Seminar

Metabolic and transcriptional adaptations to apoptotic cell engulfment and degradation sustain long-term phagocytosis efficiency in microglia

Amanda Sierra

Phagocytosis is the first line of defense of the innate immune system to eliminate invading microbes and unwanted cell debris. Efferocytosis, or apoptotic cell phagocytosis, is a tightly regulated process that ensures tissue homeostasis and prevents mounting inflammatory responses. However, phagocytes suffer adaptations in response to the metabolic burden imposed by the ingested cargo. These adaptations are particularly critical in the brain, where microglia are encumbered by large numbers of apoptotic debris generated during development, in adult neurogenic niches, aging, and brain diseases. To test the functional impact of microglial phagocytosis we developed an in vivo model of “superphagocytosis” induced by low cranial irradiation (2Gy) that specifically induced apoptosis in the neurogenic niche of the adult hippocampus, synchronizing microglia in a phagocytic state by 6h and leading to full clearance by 24h. Using single cell RNA sequencing and metabolomics we discovered an unexpected oxidative stress in post-phagocytic microglia, accompanied by catabolic shutdown, mitochondrial remodeling, increased expression of galectin 3, and production of polyamines that led to cell death and compensatory proliferation.

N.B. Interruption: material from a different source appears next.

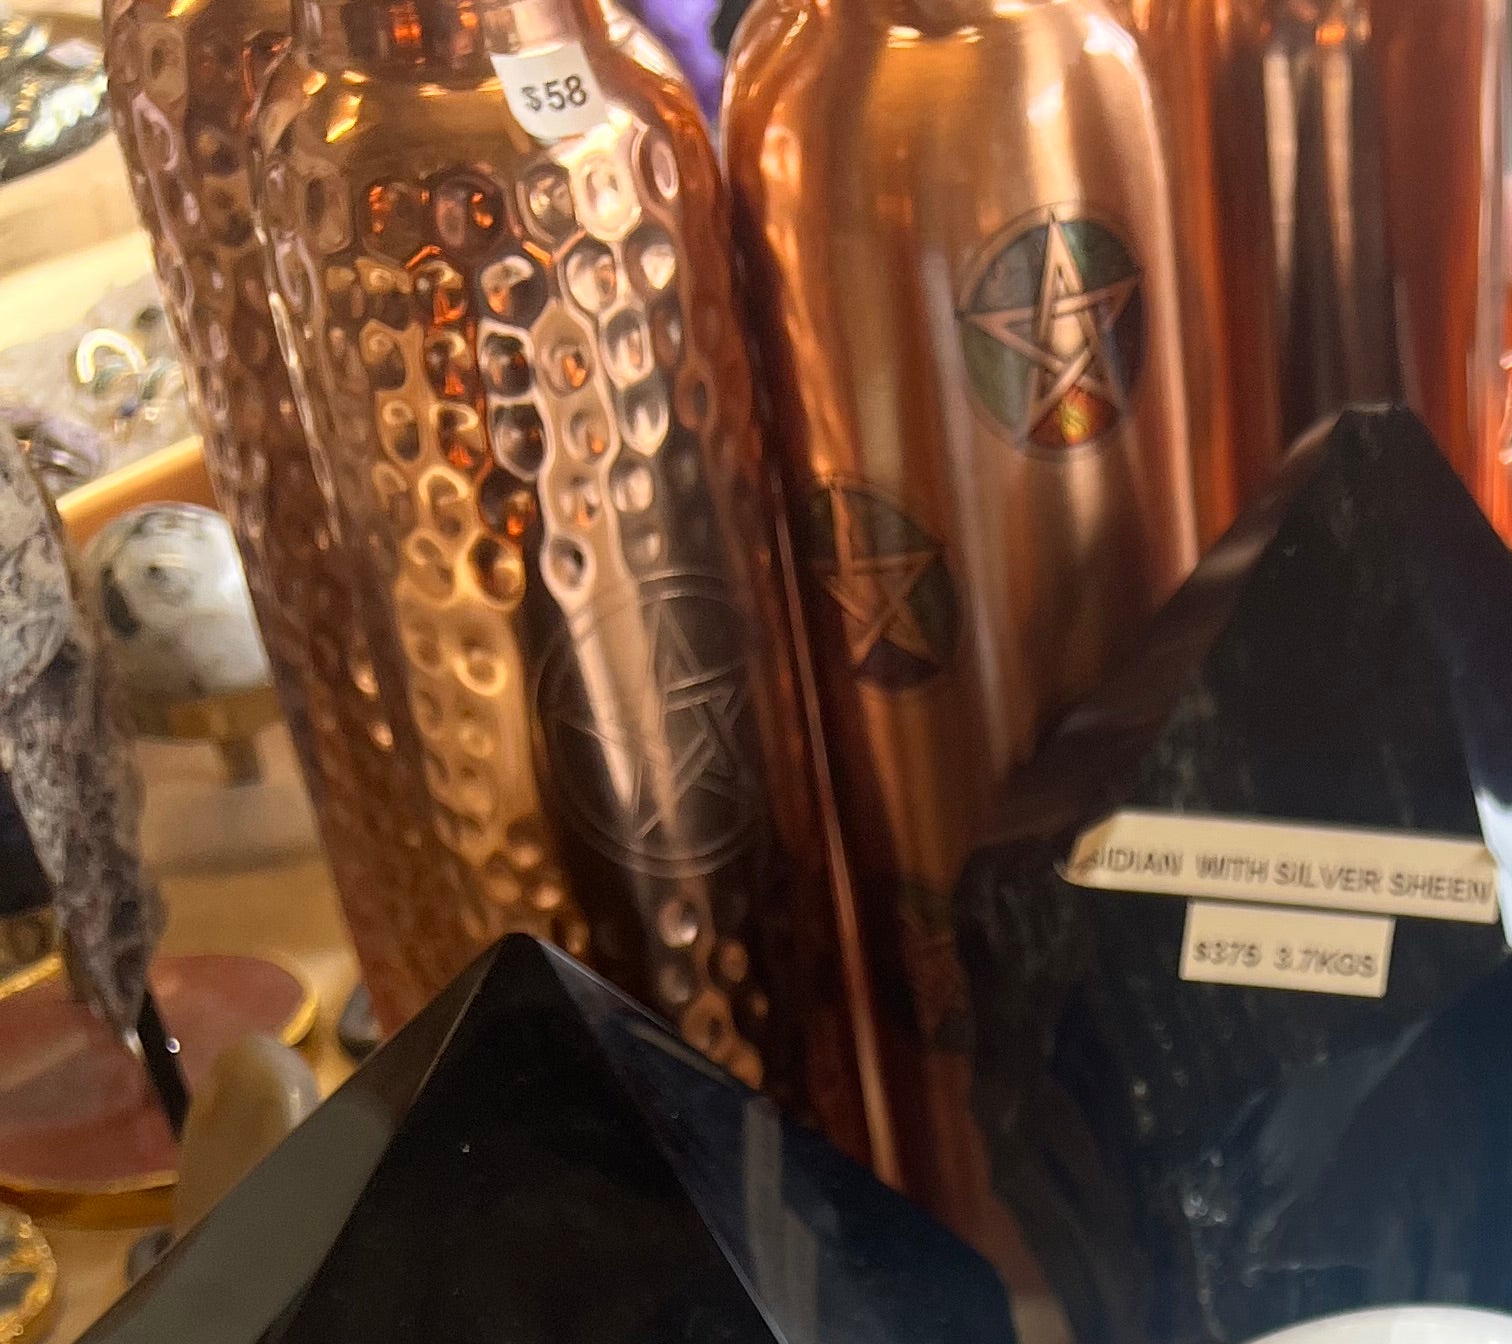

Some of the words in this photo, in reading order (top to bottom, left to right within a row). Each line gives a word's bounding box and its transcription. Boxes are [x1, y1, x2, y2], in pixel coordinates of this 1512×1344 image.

To test whether these changes impaired subsequent microglial phagocytosis, we used a model of glioblastoma treated with sequential irradiation to induce tumor cell apoptosis. Importantly, the phagocytosis efficiency of tumor-associated microglia/macrophages was comparable in the first and second apoptotic challenge, suggesting that the metabolic remodeling induced by phagocytosis was adaptive and destined to sustain their functionality. This data uncovers a novel form of trained immunity in brain phagocytes induced by apoptotic cell phagocytosis with broad implications for the health of the brain parenchyma.